(45g) Improved Catalyst Predictions with Machine Learning Coupled Alchemical Perturbation Density Functional Theory
AIChE Annual Meeting
2020
2020 Virtual AIChE Annual Meeting
Topical Conference: Applications of Data Science to Molecules and Materials
Applications of Data Science in Catalysis and Reaction Engineering I
Monday, November 16, 2020 - 9:30am to 9:45am
First principles Kohn-Sham density functional theory (KS-DFT) calculations hinder large-scale searches for new and sustainable heterogeneous catalysts due to significant computational expense. Alchemical perturbation density functional theory (APDFT) is a promising method that provides rapid predictions of catalyst descriptors based on perturbations of electrostatic potentials that arise from isoelectronic transmutations made to a reference catalyst.
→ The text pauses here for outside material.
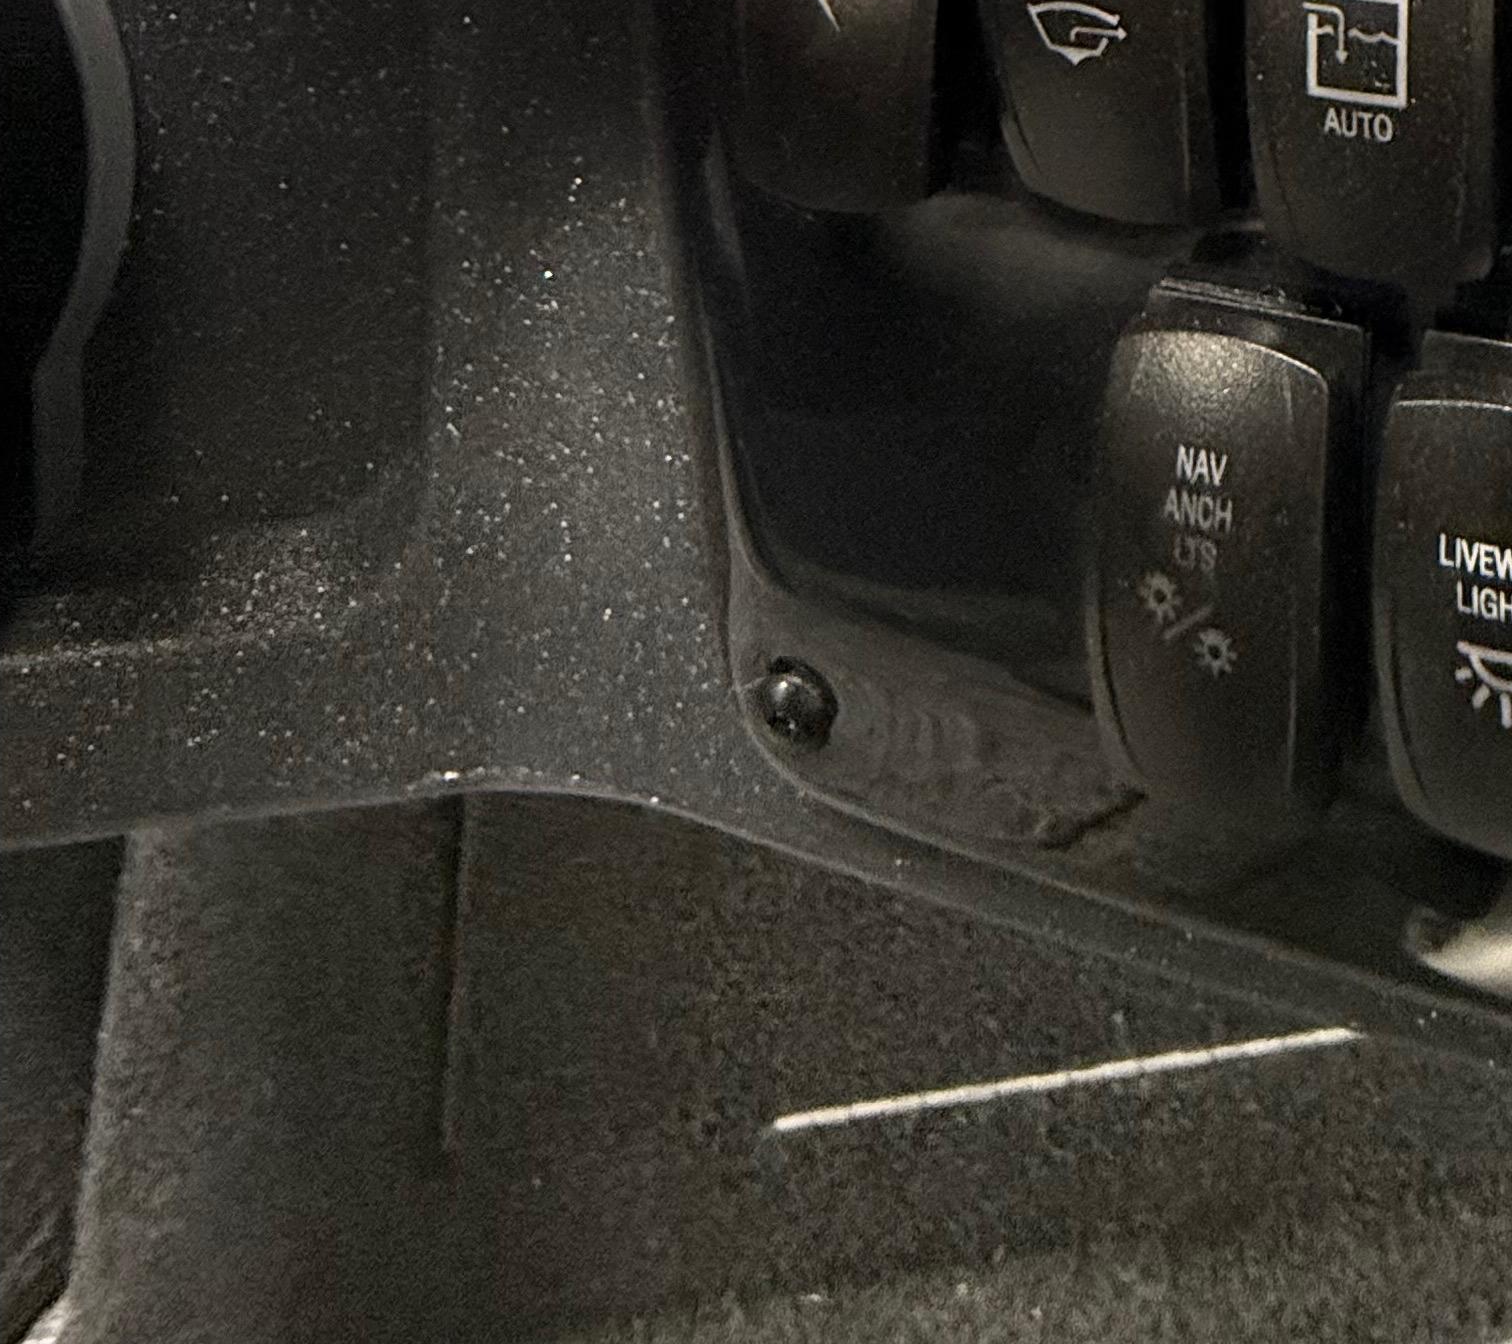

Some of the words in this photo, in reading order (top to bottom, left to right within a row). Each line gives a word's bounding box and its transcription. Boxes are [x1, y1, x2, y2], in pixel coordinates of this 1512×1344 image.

[1324, 107, 1395, 143] AUTO
[1175, 445, 1229, 487] NAV
[1163, 488, 1234, 533] ANCH
While straightforward and simple, first-order APDFT approximations are largely inaccurate when large and/or many transmutations are made. Here, we first discuss systematic trends in errors related to these factors for binding energy (BE) prediction of CHx, NHx, and OHx adsorbates on hypothetical alloy variations of fcc Pt(111) surfaces. Based on these observations, we demonstrate our approach fingerprinting locations of transmutations in these hypothetical alloys, and we show how to correct APDFT errors with machine learning models trained using about 3600 BE data points. Our models provide improved prediction accuracy with errors decreased by as much as an order of magnitude, and this approach extends the breadth of APDFT predictions, allowing rapid and accurate BE predictions on many more alloys made by numerous transmutation combinations.